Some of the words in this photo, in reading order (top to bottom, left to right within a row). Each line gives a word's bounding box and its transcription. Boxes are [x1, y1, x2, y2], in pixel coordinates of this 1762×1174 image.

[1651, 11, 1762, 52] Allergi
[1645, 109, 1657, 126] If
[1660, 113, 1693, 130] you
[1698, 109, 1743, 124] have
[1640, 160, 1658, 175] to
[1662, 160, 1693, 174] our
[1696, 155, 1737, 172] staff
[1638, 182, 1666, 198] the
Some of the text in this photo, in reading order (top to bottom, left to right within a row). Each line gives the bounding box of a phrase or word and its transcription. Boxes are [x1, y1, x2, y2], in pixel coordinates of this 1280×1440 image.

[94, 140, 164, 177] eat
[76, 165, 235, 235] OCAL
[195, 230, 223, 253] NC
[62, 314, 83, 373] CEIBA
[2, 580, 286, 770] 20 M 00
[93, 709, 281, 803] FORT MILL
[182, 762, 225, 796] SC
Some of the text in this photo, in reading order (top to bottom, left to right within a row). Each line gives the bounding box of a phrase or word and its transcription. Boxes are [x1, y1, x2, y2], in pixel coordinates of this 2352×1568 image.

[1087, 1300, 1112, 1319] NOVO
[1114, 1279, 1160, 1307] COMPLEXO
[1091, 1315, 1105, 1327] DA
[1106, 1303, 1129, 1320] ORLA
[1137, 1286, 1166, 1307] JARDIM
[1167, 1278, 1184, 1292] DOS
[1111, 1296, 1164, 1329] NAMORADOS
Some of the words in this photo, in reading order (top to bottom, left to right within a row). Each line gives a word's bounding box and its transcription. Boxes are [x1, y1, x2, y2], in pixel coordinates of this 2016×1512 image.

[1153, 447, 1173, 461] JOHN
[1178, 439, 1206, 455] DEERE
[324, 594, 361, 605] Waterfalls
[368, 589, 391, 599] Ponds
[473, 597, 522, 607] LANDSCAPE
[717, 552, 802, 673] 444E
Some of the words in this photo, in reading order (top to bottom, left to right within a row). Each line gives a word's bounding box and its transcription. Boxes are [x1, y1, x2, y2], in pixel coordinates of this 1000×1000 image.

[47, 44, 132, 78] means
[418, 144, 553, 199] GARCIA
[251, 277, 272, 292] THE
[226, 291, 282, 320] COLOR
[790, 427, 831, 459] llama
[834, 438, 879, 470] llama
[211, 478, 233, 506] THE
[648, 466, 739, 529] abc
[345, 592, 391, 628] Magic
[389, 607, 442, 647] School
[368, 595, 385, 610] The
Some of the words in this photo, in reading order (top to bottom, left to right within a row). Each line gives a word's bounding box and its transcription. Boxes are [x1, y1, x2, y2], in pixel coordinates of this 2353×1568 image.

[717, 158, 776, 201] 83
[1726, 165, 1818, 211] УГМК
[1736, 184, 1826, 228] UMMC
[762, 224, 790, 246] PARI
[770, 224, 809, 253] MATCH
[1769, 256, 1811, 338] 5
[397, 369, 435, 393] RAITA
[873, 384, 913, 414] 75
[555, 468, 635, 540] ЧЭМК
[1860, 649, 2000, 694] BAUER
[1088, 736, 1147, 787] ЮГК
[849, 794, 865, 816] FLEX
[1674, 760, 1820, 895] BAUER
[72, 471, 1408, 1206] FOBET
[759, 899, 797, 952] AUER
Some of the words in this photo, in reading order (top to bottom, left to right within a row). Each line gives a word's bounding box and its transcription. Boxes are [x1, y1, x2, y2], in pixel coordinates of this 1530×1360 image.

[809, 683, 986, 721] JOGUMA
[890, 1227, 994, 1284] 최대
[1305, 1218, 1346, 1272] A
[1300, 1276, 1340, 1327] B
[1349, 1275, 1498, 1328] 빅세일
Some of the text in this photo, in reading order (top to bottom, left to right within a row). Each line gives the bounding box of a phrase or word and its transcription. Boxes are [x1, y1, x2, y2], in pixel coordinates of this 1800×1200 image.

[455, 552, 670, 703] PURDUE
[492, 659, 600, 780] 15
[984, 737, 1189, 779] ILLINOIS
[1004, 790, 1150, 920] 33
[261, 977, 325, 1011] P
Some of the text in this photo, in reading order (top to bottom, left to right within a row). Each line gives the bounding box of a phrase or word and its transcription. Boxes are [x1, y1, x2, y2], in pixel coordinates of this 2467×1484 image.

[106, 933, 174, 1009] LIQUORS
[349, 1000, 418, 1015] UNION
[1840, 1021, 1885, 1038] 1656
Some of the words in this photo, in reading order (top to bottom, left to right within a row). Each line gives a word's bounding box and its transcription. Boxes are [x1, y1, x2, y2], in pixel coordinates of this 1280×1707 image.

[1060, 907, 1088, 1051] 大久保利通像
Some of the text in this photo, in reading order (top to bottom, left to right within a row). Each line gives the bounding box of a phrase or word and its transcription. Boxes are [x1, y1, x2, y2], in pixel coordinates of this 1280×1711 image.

§

**EXERCISE REQUIREMENTS**
Write the listing out again in full, exactly as it stands above.

**RESPONSE FOR THIS EXERCISE**
Some of the words in this photo, in reading order (top to bottom, left to right within a row). Each line gives a word's bounding box and its transcription. Boxes are [x1, y1, x2, y2], in pixel coordinates of this 1762×1174 image.

[1651, 11, 1762, 52] Allergi
[1645, 109, 1657, 126] If
[1660, 113, 1693, 130] you
[1698, 109, 1743, 124] have
[1640, 160, 1658, 175] to
[1662, 160, 1693, 174] our
[1696, 155, 1737, 172] staff
[1638, 182, 1666, 198] the
Some of the text in this photo, in reading order (top to bottom, left to right within a row). Each line gives the bounding box of a phrase or word and its transcription. Boxes are [x1, y1, x2, y2], in pixel coordinates of this 1280×1440 image.

[94, 140, 164, 177] eat
[76, 165, 235, 235] OCAL
[195, 230, 223, 253] NC
[62, 314, 83, 373] CEIBA
[2, 580, 286, 770] 20 M 00
[93, 709, 281, 803] FORT MILL
[182, 762, 225, 796] SC
Some of the text in this photo, in reading order (top to bottom, left to right within a row). Each line gives the bounding box of a phrase or word and its transcription. Boxes are [x1, y1, x2, y2], in pixel coordinates of this 2352×1568 image.

[1087, 1300, 1112, 1319] NOVO
[1114, 1279, 1160, 1307] COMPLEXO
[1091, 1315, 1105, 1327] DA
[1106, 1303, 1129, 1320] ORLA
[1137, 1286, 1166, 1307] JARDIM
[1167, 1278, 1184, 1292] DOS
[1111, 1296, 1164, 1329] NAMORADOS
Some of the words in this photo, in reading order (top to bottom, left to right within a row). Each line gives a word's bounding box and its transcription. Boxes are [x1, y1, x2, y2], in pixel coordinates of this 2016×1512 image.

[1153, 447, 1173, 461] JOHN
[1178, 439, 1206, 455] DEERE
[324, 594, 361, 605] Waterfalls
[368, 589, 391, 599] Ponds
[473, 597, 522, 607] LANDSCAPE
[717, 552, 802, 673] 444E
Some of the words in this photo, in reading order (top to bottom, left to right within a row). Each line gives a word's bounding box and its transcription. Boxes are [x1, y1, x2, y2], in pixel coordinates of this 1000×1000 image.

[47, 44, 132, 78] means
[418, 144, 553, 199] GARCIA
[251, 277, 272, 292] THE
[226, 291, 282, 320] COLOR
[790, 427, 831, 459] llama
[834, 438, 879, 470] llama
[211, 478, 233, 506] THE
[648, 466, 739, 529] abc
[345, 592, 391, 628] Magic
[389, 607, 442, 647] School
[368, 595, 385, 610] The
Some of the words in this photo, in reading order (top to bottom, left to right within a row). Each line gives a word's bounding box and its transcription. Boxes are [x1, y1, x2, y2], in pixel coordinates of this 2353×1568 image.

[717, 158, 776, 201] 83
[1726, 165, 1818, 211] УГМК
[1736, 184, 1826, 228] UMMC
[762, 224, 790, 246] PARI
[770, 224, 809, 253] MATCH
[1769, 256, 1811, 338] 5
[397, 369, 435, 393] RAITA
[873, 384, 913, 414] 75
[555, 468, 635, 540] ЧЭМК
[1860, 649, 2000, 694] BAUER
[1088, 736, 1147, 787] ЮГК
[849, 794, 865, 816] FLEX
[1674, 760, 1820, 895] BAUER
[72, 471, 1408, 1206] FOBET
[759, 899, 797, 952] AUER
Some of the words in this photo, in reading order (top to bottom, left to right within a row). Each line gives a word's bounding box and its transcription. Boxes are [x1, y1, x2, y2], in pixel coordinates of this 1530×1360 image.

[809, 683, 986, 721] JOGUMA
[890, 1227, 994, 1284] 최대
[1305, 1218, 1346, 1272] A
[1300, 1276, 1340, 1327] B
[1349, 1275, 1498, 1328] 빅세일
Some of the text in this photo, in reading order (top to bottom, left to right within a row). Each line gives the bounding box of a phrase or word and its transcription. Boxes are [x1, y1, x2, y2], in pixel coordinates of this 1800×1200 image.

[455, 552, 670, 703] PURDUE
[492, 659, 600, 780] 15
[984, 737, 1189, 779] ILLINOIS
[1004, 790, 1150, 920] 33
[261, 977, 325, 1011] P
Some of the text in this photo, in reading order (top to bottom, left to right within a row). Each line gives the bounding box of a phrase or word and its transcription. Boxes are [x1, y1, x2, y2], in pixel coordinates of this 2467×1484 image.

[106, 933, 174, 1009] LIQUORS
[349, 1000, 418, 1015] UNION
[1840, 1021, 1885, 1038] 1656
Some of the words in this photo, in reading order (top to bottom, left to right within a row). Each line gives a word's bounding box and its transcription. Boxes are [x1, y1, x2, y2], in pixel coordinates of this 1280×1707 image.

[1060, 907, 1088, 1051] 大久保利通像
Some of the text in this photo, in reading order (top to bottom, left to right within a row). Each line gives the bounding box of a phrase or word and its transcription. Boxes are [x1, y1, x2, y2], in pixel coordinates of this 1280×1711 image.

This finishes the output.